Task inputs section start

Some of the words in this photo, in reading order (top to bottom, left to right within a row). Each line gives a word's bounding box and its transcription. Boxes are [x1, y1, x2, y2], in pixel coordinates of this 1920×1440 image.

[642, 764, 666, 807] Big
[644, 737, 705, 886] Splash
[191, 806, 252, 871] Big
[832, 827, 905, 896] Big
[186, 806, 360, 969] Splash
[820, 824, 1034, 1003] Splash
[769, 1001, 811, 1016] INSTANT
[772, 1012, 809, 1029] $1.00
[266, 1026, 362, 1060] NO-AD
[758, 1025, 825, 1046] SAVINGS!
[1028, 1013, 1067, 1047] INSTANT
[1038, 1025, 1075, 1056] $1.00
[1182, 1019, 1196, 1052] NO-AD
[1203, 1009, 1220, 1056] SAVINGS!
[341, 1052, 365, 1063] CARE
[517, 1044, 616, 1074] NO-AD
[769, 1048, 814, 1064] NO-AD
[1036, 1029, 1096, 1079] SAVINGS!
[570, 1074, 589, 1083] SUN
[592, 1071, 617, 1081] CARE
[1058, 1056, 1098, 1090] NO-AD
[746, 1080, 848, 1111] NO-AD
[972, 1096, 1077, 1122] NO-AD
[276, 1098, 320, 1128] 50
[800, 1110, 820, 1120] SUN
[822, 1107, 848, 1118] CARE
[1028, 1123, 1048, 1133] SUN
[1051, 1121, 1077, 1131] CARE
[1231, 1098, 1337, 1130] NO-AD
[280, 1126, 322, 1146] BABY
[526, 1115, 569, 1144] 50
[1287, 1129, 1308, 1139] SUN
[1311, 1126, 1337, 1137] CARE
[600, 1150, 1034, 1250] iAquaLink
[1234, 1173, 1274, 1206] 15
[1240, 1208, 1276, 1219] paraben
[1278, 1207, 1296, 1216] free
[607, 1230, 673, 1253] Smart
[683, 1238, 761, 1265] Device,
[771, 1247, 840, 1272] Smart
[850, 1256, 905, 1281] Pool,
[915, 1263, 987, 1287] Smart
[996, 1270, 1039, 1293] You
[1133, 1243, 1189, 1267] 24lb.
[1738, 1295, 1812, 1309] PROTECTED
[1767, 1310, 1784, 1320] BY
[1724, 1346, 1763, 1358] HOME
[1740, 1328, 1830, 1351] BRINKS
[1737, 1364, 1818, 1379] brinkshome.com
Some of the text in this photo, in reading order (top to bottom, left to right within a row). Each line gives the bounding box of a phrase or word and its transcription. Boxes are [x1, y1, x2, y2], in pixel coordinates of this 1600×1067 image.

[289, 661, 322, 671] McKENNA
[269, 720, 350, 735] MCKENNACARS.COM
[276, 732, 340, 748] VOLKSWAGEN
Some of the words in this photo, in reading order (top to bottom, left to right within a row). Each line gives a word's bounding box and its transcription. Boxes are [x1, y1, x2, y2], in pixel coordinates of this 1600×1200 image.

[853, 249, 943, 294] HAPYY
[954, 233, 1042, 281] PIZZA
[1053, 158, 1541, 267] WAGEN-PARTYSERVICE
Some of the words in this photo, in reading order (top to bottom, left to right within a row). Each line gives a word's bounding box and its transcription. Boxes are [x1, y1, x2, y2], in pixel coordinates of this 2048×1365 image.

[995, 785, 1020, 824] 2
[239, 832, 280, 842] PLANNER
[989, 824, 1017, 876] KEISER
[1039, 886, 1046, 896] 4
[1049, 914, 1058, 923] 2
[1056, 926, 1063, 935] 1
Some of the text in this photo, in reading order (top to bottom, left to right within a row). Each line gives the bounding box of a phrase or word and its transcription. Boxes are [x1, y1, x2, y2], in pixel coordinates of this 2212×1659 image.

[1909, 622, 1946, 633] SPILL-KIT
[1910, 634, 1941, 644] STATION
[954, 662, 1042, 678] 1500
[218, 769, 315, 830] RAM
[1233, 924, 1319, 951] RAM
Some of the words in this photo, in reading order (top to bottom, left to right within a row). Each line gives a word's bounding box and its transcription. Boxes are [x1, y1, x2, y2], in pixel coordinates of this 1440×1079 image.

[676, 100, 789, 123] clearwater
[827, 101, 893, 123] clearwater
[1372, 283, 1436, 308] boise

Task inputs section end

**Assignment**
All of the entries above are to be written out again exactly.

**Output below**
Some of the words in this photo, in reading order (top to bottom, left to right within a row). Each line gives a word's bounding box and its transcription. Boxes are [x1, y1, x2, y2], in pixel coordinates of this 1920×1440 image.

[642, 764, 666, 807] Big
[644, 737, 705, 886] Splash
[191, 806, 252, 871] Big
[832, 827, 905, 896] Big
[186, 806, 360, 969] Splash
[820, 824, 1034, 1003] Splash
[769, 1001, 811, 1016] INSTANT
[772, 1012, 809, 1029] $1.00
[266, 1026, 362, 1060] NO-AD
[758, 1025, 825, 1046] SAVINGS!
[1028, 1013, 1067, 1047] INSTANT
[1038, 1025, 1075, 1056] $1.00
[1182, 1019, 1196, 1052] NO-AD
[1203, 1009, 1220, 1056] SAVINGS!
[341, 1052, 365, 1063] CARE
[517, 1044, 616, 1074] NO-AD
[769, 1048, 814, 1064] NO-AD
[1036, 1029, 1096, 1079] SAVINGS!
[570, 1074, 589, 1083] SUN
[592, 1071, 617, 1081] CARE
[1058, 1056, 1098, 1090] NO-AD
[746, 1080, 848, 1111] NO-AD
[972, 1096, 1077, 1122] NO-AD
[276, 1098, 320, 1128] 50
[800, 1110, 820, 1120] SUN
[822, 1107, 848, 1118] CARE
[1028, 1123, 1048, 1133] SUN
[1051, 1121, 1077, 1131] CARE
[1231, 1098, 1337, 1130] NO-AD
[280, 1126, 322, 1146] BABY
[526, 1115, 569, 1144] 50
[1287, 1129, 1308, 1139] SUN
[1311, 1126, 1337, 1137] CARE
[600, 1150, 1034, 1250] iAquaLink
[1234, 1173, 1274, 1206] 15
[1240, 1208, 1276, 1219] paraben
[1278, 1207, 1296, 1216] free
[607, 1230, 673, 1253] Smart
[683, 1238, 761, 1265] Device,
[771, 1247, 840, 1272] Smart
[850, 1256, 905, 1281] Pool,
[915, 1263, 987, 1287] Smart
[996, 1270, 1039, 1293] You
[1133, 1243, 1189, 1267] 24lb.
[1738, 1295, 1812, 1309] PROTECTED
[1767, 1310, 1784, 1320] BY
[1724, 1346, 1763, 1358] HOME
[1740, 1328, 1830, 1351] BRINKS
[1737, 1364, 1818, 1379] brinkshome.com
Some of the text in this photo, in reading order (top to bottom, left to right within a row). Each line gives the bounding box of a phrase or word and its transcription. Boxes are [x1, y1, x2, y2], in pixel coordinates of this 1600×1067 image.

[289, 661, 322, 671] McKENNA
[269, 720, 350, 735] MCKENNACARS.COM
[276, 732, 340, 748] VOLKSWAGEN
Some of the words in this photo, in reading order (top to bottom, left to right within a row). Each line gives a word's bounding box and its transcription. Boxes are [x1, y1, x2, y2], in pixel coordinates of this 1600×1200 image.

[853, 249, 943, 294] HAPYY
[954, 233, 1042, 281] PIZZA
[1053, 158, 1541, 267] WAGEN-PARTYSERVICE
Some of the words in this photo, in reading order (top to bottom, left to right within a row). Each line gives a word's bounding box and its transcription. Boxes are [x1, y1, x2, y2], in pixel coordinates of this 2048×1365 image.

[995, 785, 1020, 824] 2
[239, 832, 280, 842] PLANNER
[989, 824, 1017, 876] KEISER
[1039, 886, 1046, 896] 4
[1049, 914, 1058, 923] 2
[1056, 926, 1063, 935] 1
Some of the text in this photo, in reading order (top to bottom, left to right within a row). Each line gives the bounding box of a phrase or word and its transcription. Boxes are [x1, y1, x2, y2], in pixel coordinates of this 2212×1659 image.

[1909, 622, 1946, 633] SPILL-KIT
[1910, 634, 1941, 644] STATION
[954, 662, 1042, 678] 1500
[218, 769, 315, 830] RAM
[1233, 924, 1319, 951] RAM
Some of the words in this photo, in reading order (top to bottom, left to right within a row). Each line gives a word's bounding box and its transcription. Boxes are [x1, y1, x2, y2], in pixel coordinates of this 1440×1079 image.

[676, 100, 789, 123] clearwater
[827, 101, 893, 123] clearwater
[1372, 283, 1436, 308] boise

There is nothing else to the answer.